Figure 5. The role of secreted Hsp90α in Rab3D induced invasion.

(A). Identification and characterization of exosomes. Exosomes were isolated by sequential centrifugations from supernatants. Scale bar, 100 nm. An inset panel shows the exosomal marker, tetraspanin protein CD63 and Alix by Western Blot. (B). The size distribution of exosomes was analyzed by DLS and given as average ± standard deviation (n = 3). (C). Representative images and quantification of exosomes. Scale bar, 200 nm. *** p < 0.001. (D). The total protein level of extracellular exosomes was detected by BCA (n = 3). (E). Western Blot analysis of exosomal marker CD63 and Alix in exosomes from Rab3D-MCF-7 cells or siRab3D-MDA-MB-231 cells. (F) The level of secreted Hsp90α was detected by ELISA assay when the MCF-7 cells were transfected with different plasmid. (G). Quantification of migration assay of recombinant Hsp90α treated MDA-MB-231 transfected with scramble RNA or Rab3D siRNA. Statistically significant p values are indicated. ** p < 0.01, *** p < 0.001. (H).
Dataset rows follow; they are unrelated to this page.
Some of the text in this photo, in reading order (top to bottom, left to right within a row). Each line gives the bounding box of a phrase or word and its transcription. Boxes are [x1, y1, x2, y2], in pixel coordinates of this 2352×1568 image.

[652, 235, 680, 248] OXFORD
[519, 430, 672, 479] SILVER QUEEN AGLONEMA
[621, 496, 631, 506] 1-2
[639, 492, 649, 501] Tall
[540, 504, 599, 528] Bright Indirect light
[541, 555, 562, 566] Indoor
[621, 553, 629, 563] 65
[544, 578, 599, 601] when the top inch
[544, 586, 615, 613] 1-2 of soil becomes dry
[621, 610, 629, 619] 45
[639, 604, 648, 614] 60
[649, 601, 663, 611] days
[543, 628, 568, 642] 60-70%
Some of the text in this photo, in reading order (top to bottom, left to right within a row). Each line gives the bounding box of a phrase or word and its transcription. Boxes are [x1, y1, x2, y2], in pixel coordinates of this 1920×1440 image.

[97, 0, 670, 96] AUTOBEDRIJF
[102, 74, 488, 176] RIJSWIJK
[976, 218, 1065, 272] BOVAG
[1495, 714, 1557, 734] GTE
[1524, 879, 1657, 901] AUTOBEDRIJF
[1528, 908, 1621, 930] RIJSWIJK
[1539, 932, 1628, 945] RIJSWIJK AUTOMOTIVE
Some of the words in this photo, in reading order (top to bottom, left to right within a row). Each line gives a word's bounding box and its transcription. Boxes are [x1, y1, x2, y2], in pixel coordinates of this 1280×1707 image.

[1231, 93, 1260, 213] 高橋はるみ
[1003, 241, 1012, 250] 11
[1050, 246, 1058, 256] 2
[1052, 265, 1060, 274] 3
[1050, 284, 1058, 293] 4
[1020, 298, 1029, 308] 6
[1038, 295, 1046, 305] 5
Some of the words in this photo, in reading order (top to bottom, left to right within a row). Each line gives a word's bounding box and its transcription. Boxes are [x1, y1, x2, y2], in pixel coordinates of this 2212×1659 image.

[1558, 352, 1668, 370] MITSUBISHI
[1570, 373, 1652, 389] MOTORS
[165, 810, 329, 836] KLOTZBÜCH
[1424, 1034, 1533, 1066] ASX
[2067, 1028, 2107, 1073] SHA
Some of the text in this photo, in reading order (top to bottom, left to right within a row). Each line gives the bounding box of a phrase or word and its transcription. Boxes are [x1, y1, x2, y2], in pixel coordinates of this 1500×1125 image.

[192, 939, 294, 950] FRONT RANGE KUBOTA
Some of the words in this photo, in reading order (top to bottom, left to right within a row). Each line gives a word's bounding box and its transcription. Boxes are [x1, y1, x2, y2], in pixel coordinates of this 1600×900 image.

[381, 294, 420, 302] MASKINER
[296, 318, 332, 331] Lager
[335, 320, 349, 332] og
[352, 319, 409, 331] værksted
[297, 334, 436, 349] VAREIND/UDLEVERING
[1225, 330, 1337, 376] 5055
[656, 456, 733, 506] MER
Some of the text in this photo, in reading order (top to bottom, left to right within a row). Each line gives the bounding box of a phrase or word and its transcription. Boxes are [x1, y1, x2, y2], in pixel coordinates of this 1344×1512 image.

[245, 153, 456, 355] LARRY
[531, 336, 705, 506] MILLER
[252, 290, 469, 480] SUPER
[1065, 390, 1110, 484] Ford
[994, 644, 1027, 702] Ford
Measurement of invasion in siRab3D MDA-MB-231 with or without addition of recombinant Hsp90α. * p < 0.05, ** p < 0.01, *** p < 0.001. (I). Quantification of migration assay. MCF-7 cells that expressed Rab3D, with or without Hsp90α neutralizing antibody, were seeded. The relative migration distance was calculated after 16 h. * p < 0.05, ** p < 0.01, *** p < 0.001. (J). Quantification of matrigel invasion assay. The effect of blocking extracellular Hsp90α in MCF-7 cells over-expressing Rab3D on invasive ability. ** p < 0.01, *** p < 0.001.